What is needed -
Images are to be skipped; everything else in the records must be repeated exactly.

|---|

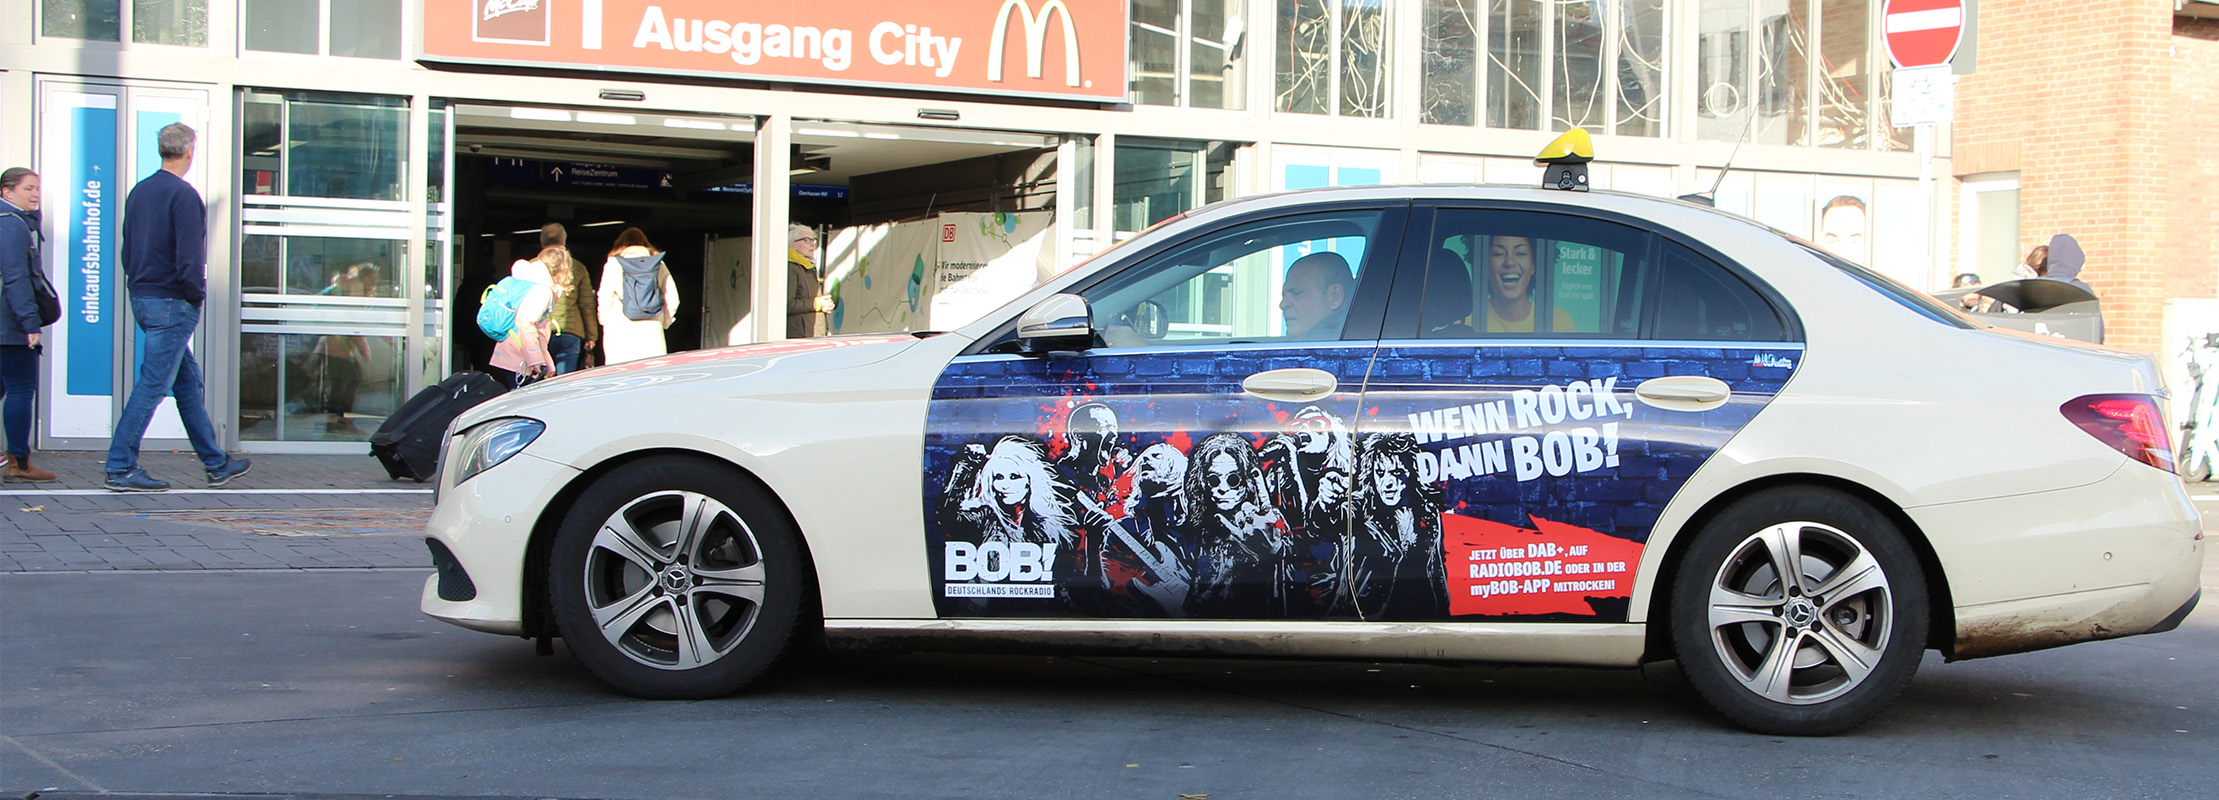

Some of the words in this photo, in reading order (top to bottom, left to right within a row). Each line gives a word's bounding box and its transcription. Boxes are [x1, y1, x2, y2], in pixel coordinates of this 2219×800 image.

[632, 5, 852, 71] Ausgang
[868, 21, 963, 78] City
[571, 167, 618, 178] ReiseZentrum
[943, 226, 955, 241] DB
[81, 180, 102, 324] einkaufsbahnhof.de
[1560, 246, 1587, 260] Stark
[1588, 247, 1597, 260] &
[1562, 261, 1593, 275] lecker
[1408, 400, 1510, 445] WENN
[1512, 376, 1634, 429] ROCK,
[1416, 440, 1508, 484] DANN
[1511, 421, 1620, 482] BOB!
[945, 541, 1058, 582] BOB!
[1469, 549, 1497, 561] JETZT
[1500, 547, 1525, 560] ÜBER
[1569, 545, 1589, 557] AUF
[1469, 560, 1563, 579] RADIOBOB.DE
[1564, 563, 1590, 574] ODER
[1592, 562, 1605, 573] IN
[1607, 561, 1626, 573] DER
[947, 586, 1006, 595] DEUTSCHLANDS
[1009, 587, 1052, 596] ROCKRADIO
[1470, 578, 1551, 599] myBOB-APP
[1553, 580, 1616, 593] MITROCKEN!
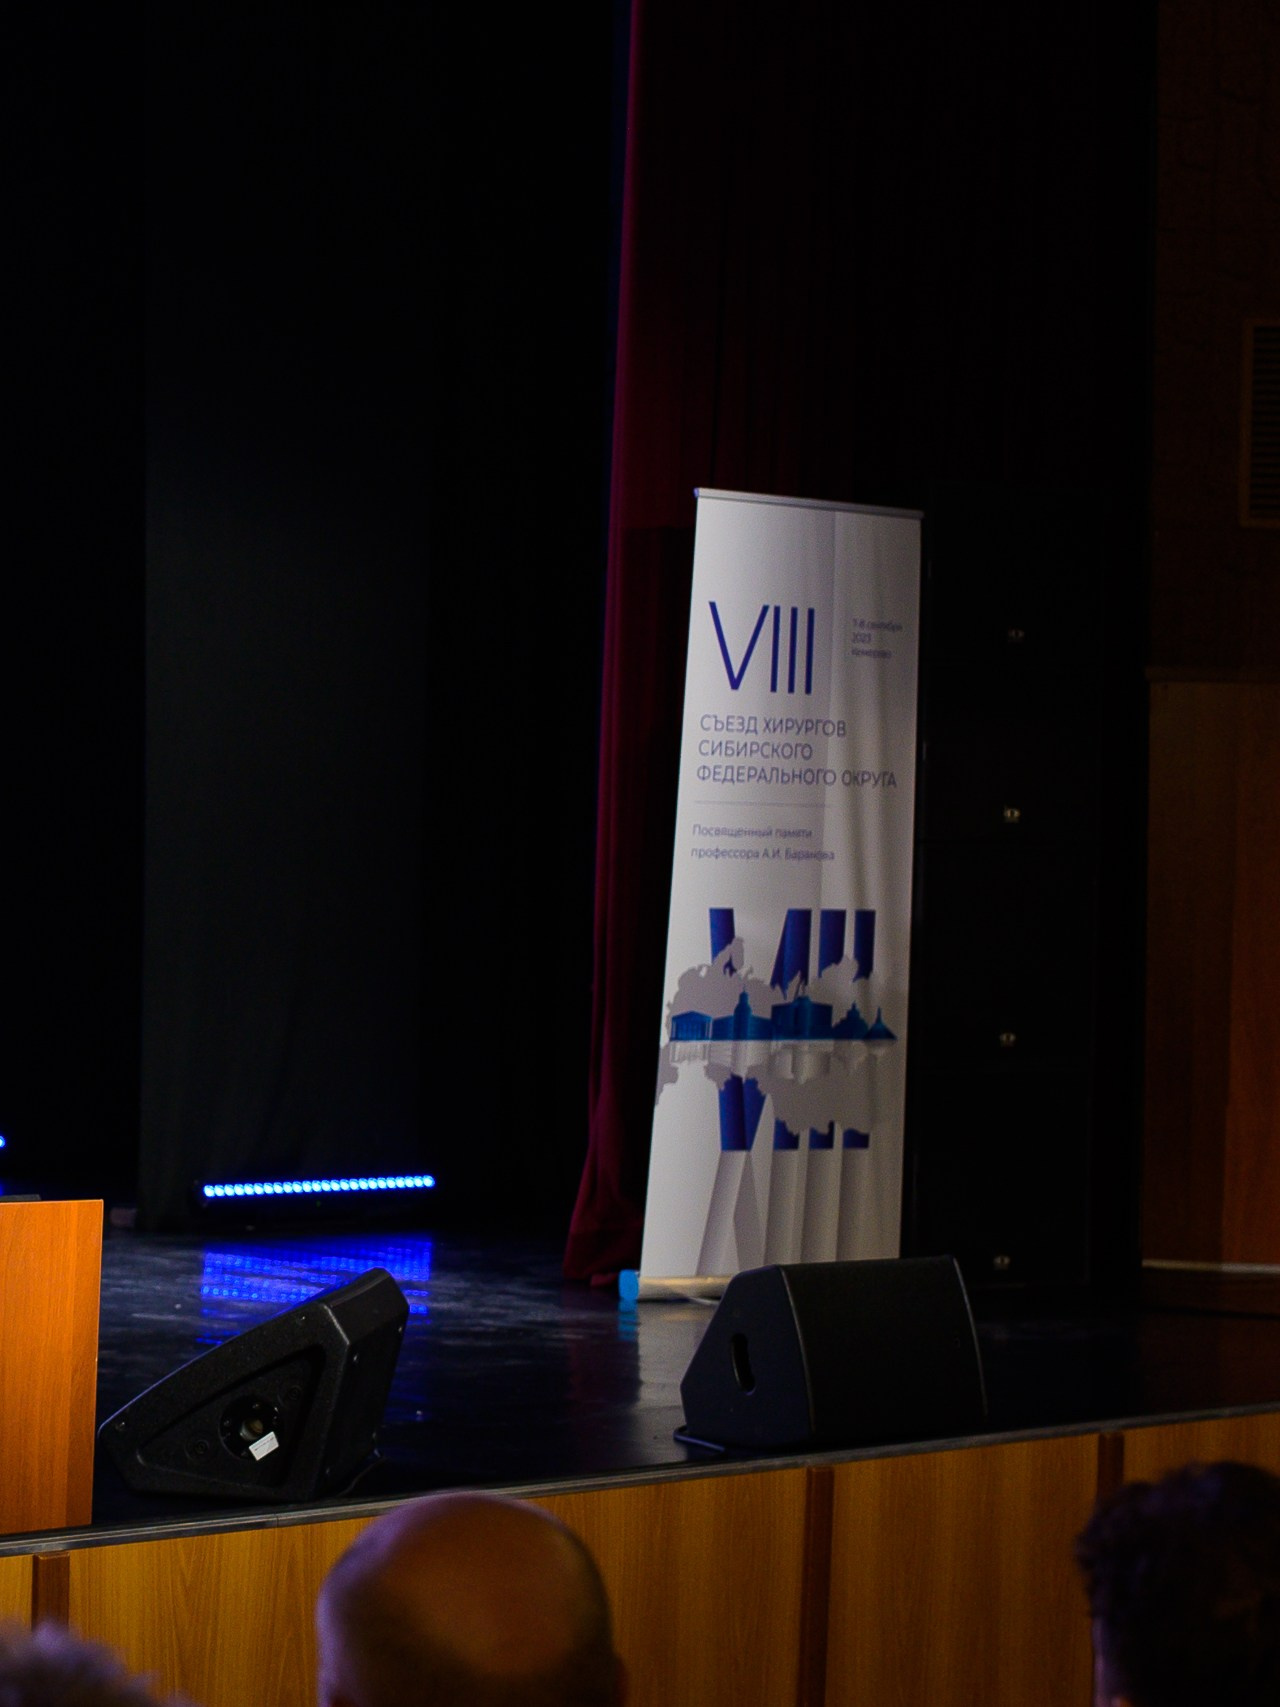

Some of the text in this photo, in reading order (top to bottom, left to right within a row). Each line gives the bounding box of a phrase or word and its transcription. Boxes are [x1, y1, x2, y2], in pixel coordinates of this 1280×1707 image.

[708, 601, 815, 695] VIII
[700, 714, 846, 738] СЪЕЗД ХИРУРГОВ
[698, 739, 813, 760] СИБИРСКОГО
[696, 765, 897, 788] ФЕДЕРАЛЬНОГО ОКРУГА
[690, 846, 760, 860] профессора
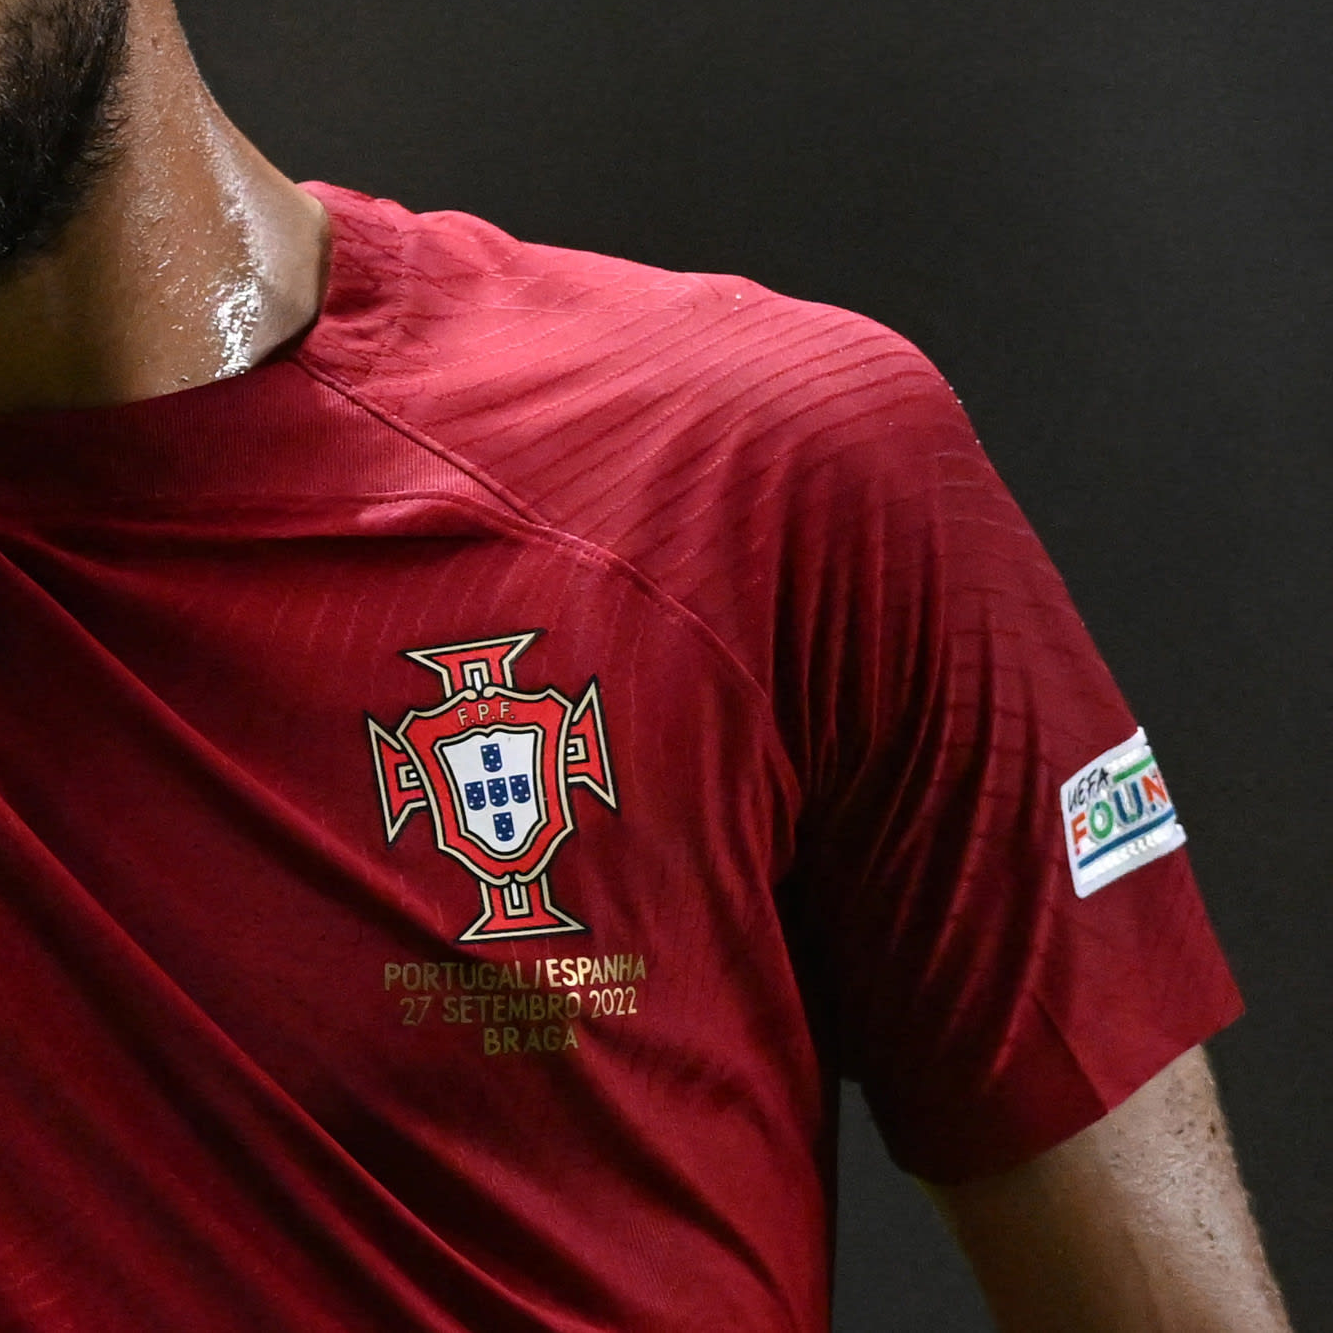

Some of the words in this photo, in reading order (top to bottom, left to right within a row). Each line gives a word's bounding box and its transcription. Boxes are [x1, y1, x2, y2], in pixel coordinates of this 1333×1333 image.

[1068, 768, 1109, 812] UEFA
[399, 996, 433, 1026] 27
[442, 991, 582, 1024] SETEMBRO
[589, 986, 638, 1018] 2022
[485, 1025, 579, 1055] BRAGA
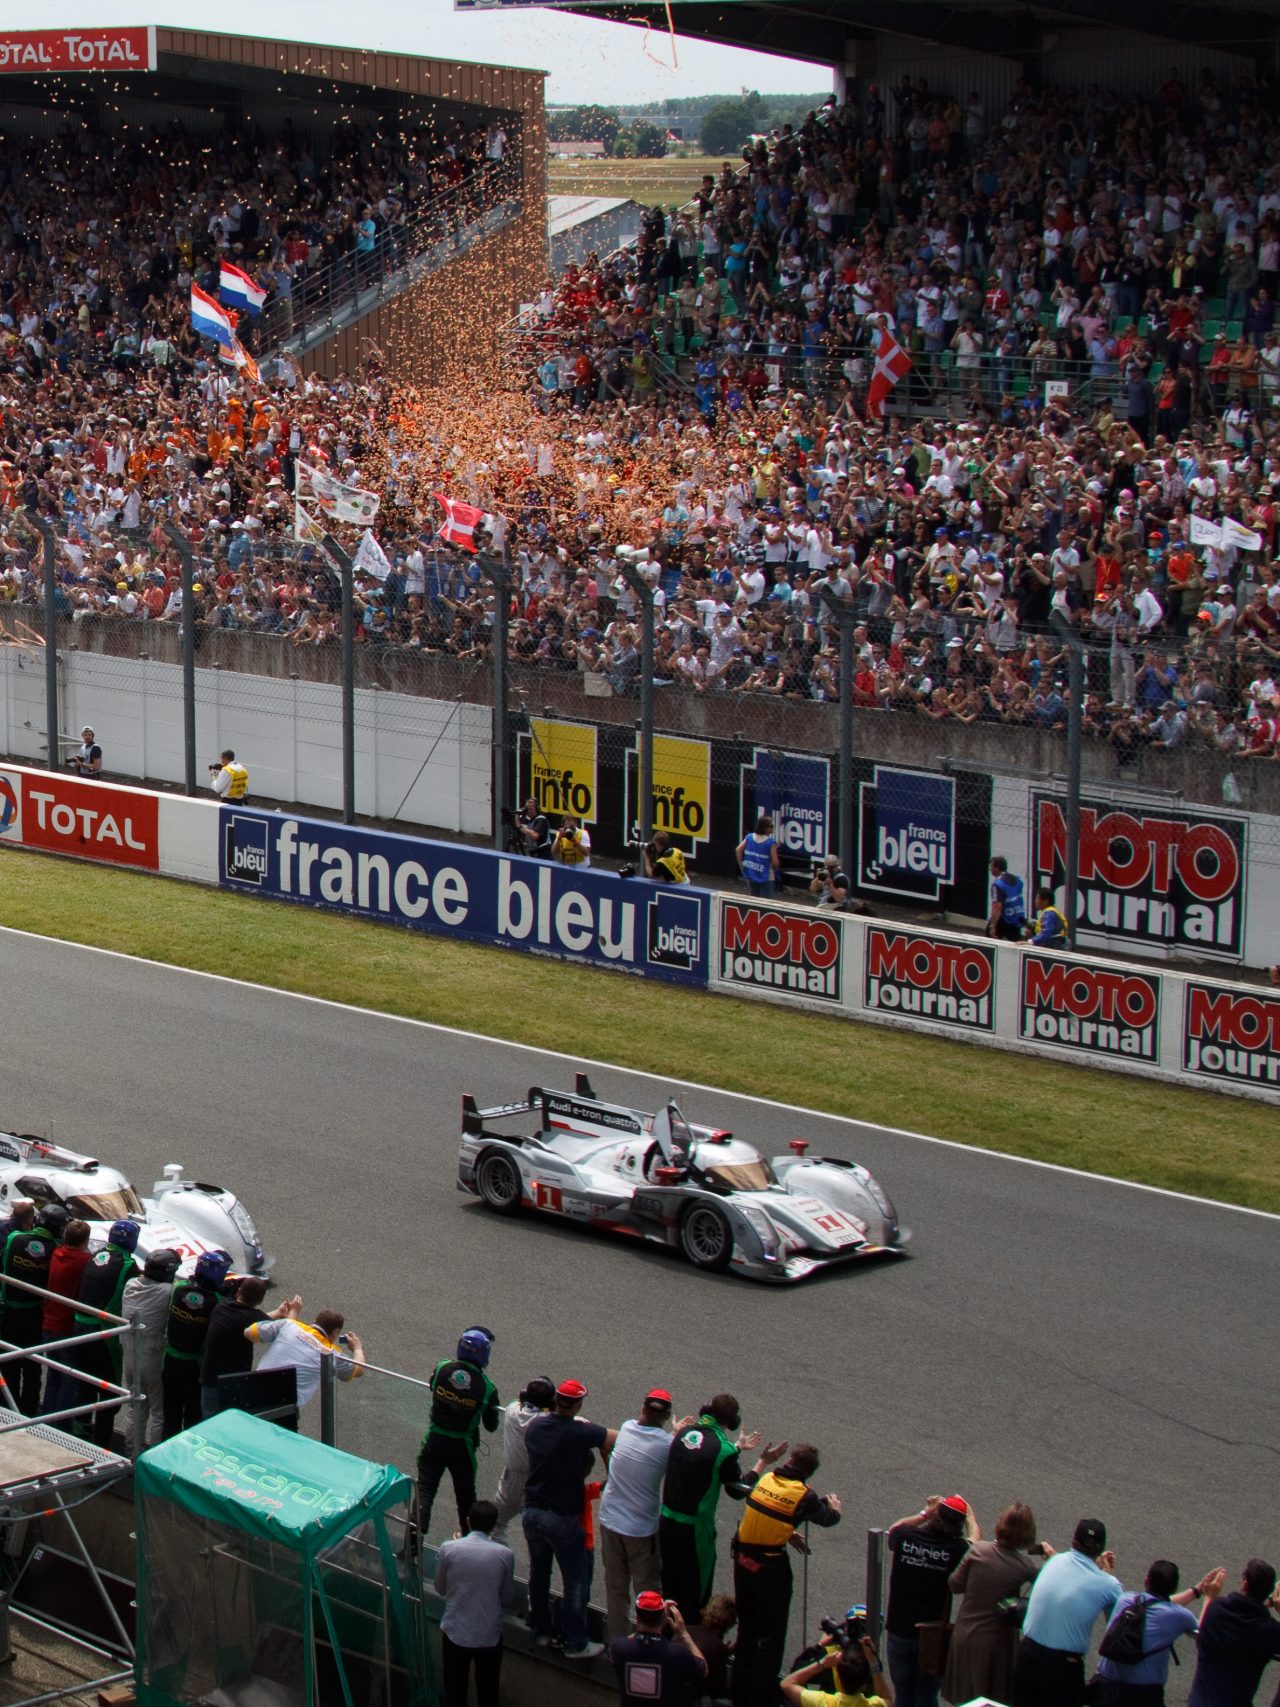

|---|

Finished task -
Some of the words in this photo, in reading order (top to bottom, left to right within a row). Each line gives a word's bounding box and its transcription. Boxes are [x1, y1, x2, y2], in pixel coordinates of this 2219×800 image.

[632, 5, 852, 71] Ausgang
[868, 21, 963, 78] City
[571, 167, 618, 178] ReiseZentrum
[943, 226, 955, 241] DB
[81, 180, 102, 324] einkaufsbahnhof.de
[1560, 246, 1587, 260] Stark
[1588, 247, 1597, 260] &
[1562, 261, 1593, 275] lecker
[1408, 400, 1510, 445] WENN
[1512, 376, 1634, 429] ROCK,
[1416, 440, 1508, 484] DANN
[1511, 421, 1620, 482] BOB!
[945, 541, 1058, 582] BOB!
[1469, 549, 1497, 561] JETZT
[1500, 547, 1525, 560] ÜBER
[1569, 545, 1589, 557] AUF
[1469, 560, 1563, 579] RADIOBOB.DE
[1564, 563, 1590, 574] ODER
[1592, 562, 1605, 573] IN
[1607, 561, 1626, 573] DER
[947, 586, 1006, 595] DEUTSCHLANDS
[1009, 587, 1052, 596] ROCKRADIO
[1470, 578, 1551, 599] myBOB-APP
[1553, 580, 1616, 593] MITROCKEN!

Some of the text in this photo, in reading order (top to bottom, left to right within a row). Each line gives the bounding box of a phrase or word and its transcription. Boxes are [x1, y1, x2, y2], in pixel coordinates of this 1280×1707 image.

[708, 601, 815, 695] VIII
[700, 714, 846, 738] СЪЕЗД ХИРУРГОВ
[698, 739, 813, 760] СИБИРСКОГО
[696, 765, 897, 788] ФЕДЕРАЛЬНОГО ОКРУГА
[690, 846, 760, 860] профессора

Some of the words in this photo, in reading order (top to bottom, left to right within a row). Each line gives a word's bounding box and its transcription. Boxes are [x1, y1, x2, y2], in pixel coordinates of this 1333×1333 image.

[1068, 768, 1109, 812] UEFA
[399, 996, 433, 1026] 27
[442, 991, 582, 1024] SETEMBRO
[589, 986, 638, 1018] 2022
[485, 1025, 579, 1055] BRAGA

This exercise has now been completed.